### DATA FOR THE TASK

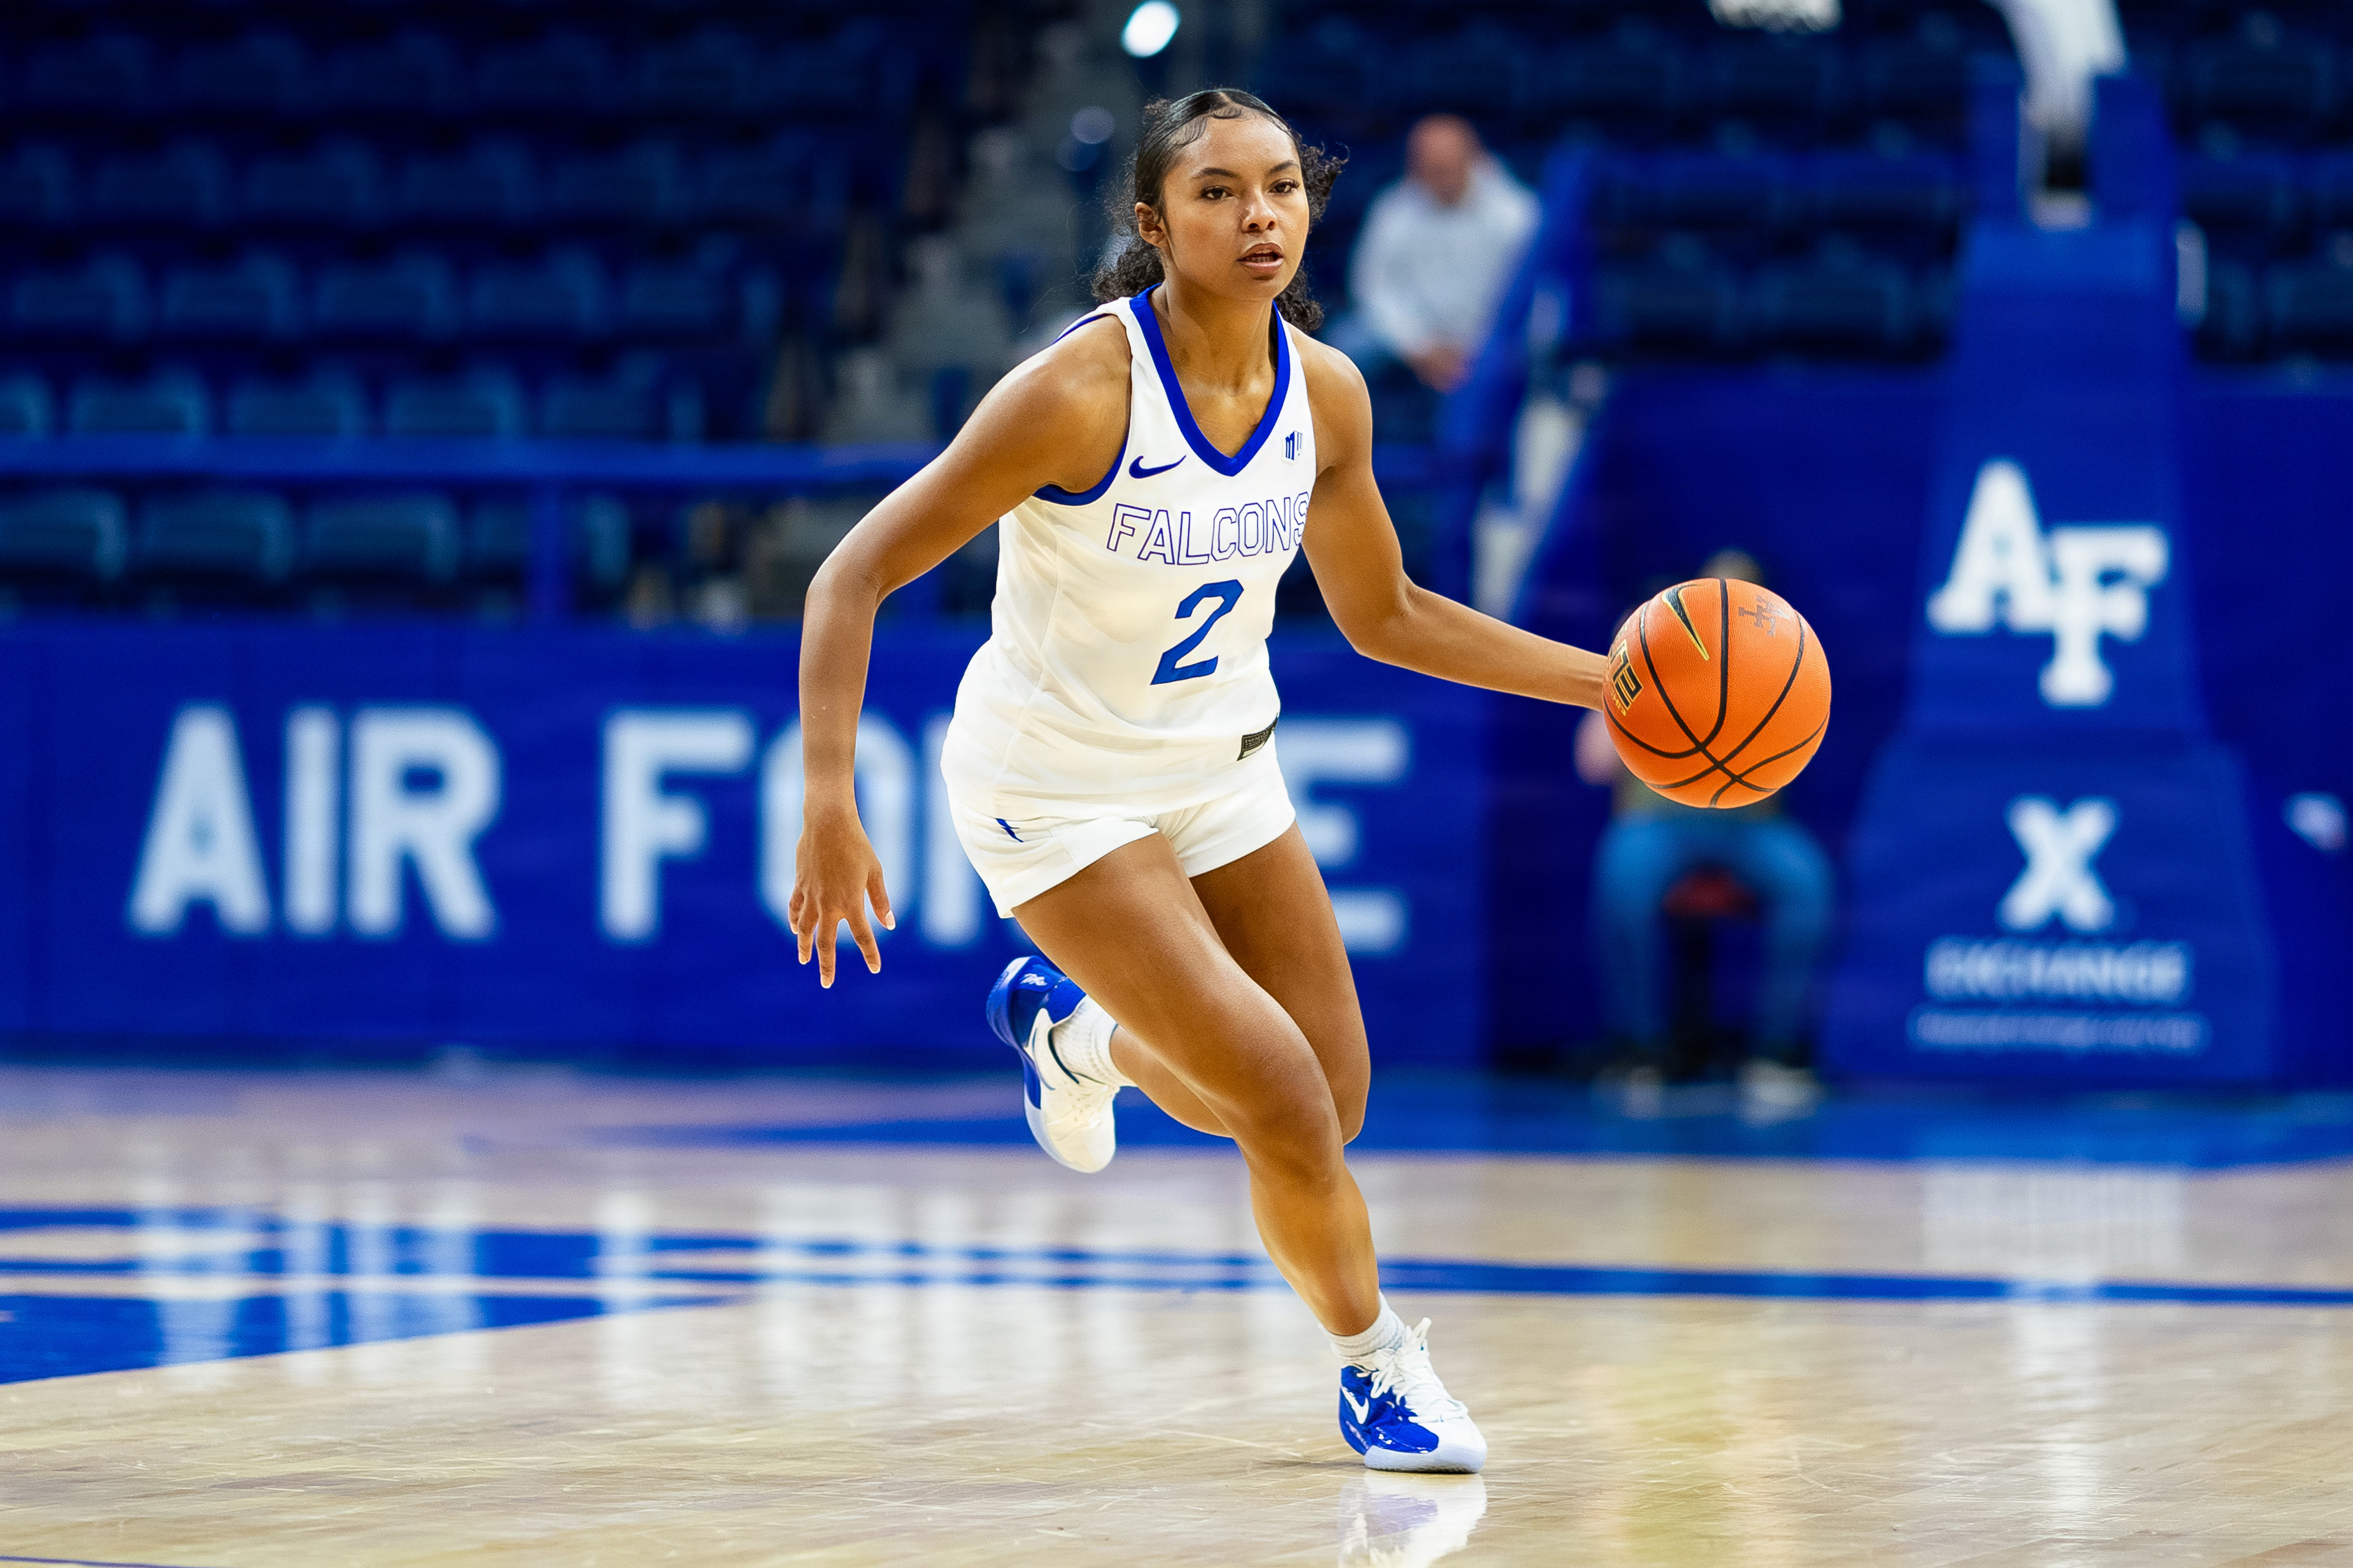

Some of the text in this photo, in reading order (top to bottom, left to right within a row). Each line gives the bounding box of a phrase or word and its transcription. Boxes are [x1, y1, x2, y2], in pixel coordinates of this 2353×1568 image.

[1107, 491, 1310, 565] FALCONS
[1927, 459, 2170, 706] AF
[1150, 579, 1244, 685] 2
[132, 708, 1408, 950] AIR FOE

######

EXERCISE INSTRUCTIONS:
Pictures aside, repeat each entry in full and without change.

OUTPUT BELOW:
Some of the text in this photo, in reading order (top to bottom, left to right within a row). Each line gives the bounding box of a phrase or word and its transcription. Boxes are [x1, y1, x2, y2], in pixel coordinates of this 2353×1568 image.

[1107, 491, 1310, 565] FALCONS
[1927, 459, 2170, 706] AF
[1150, 579, 1244, 685] 2
[132, 708, 1408, 950] AIR FOE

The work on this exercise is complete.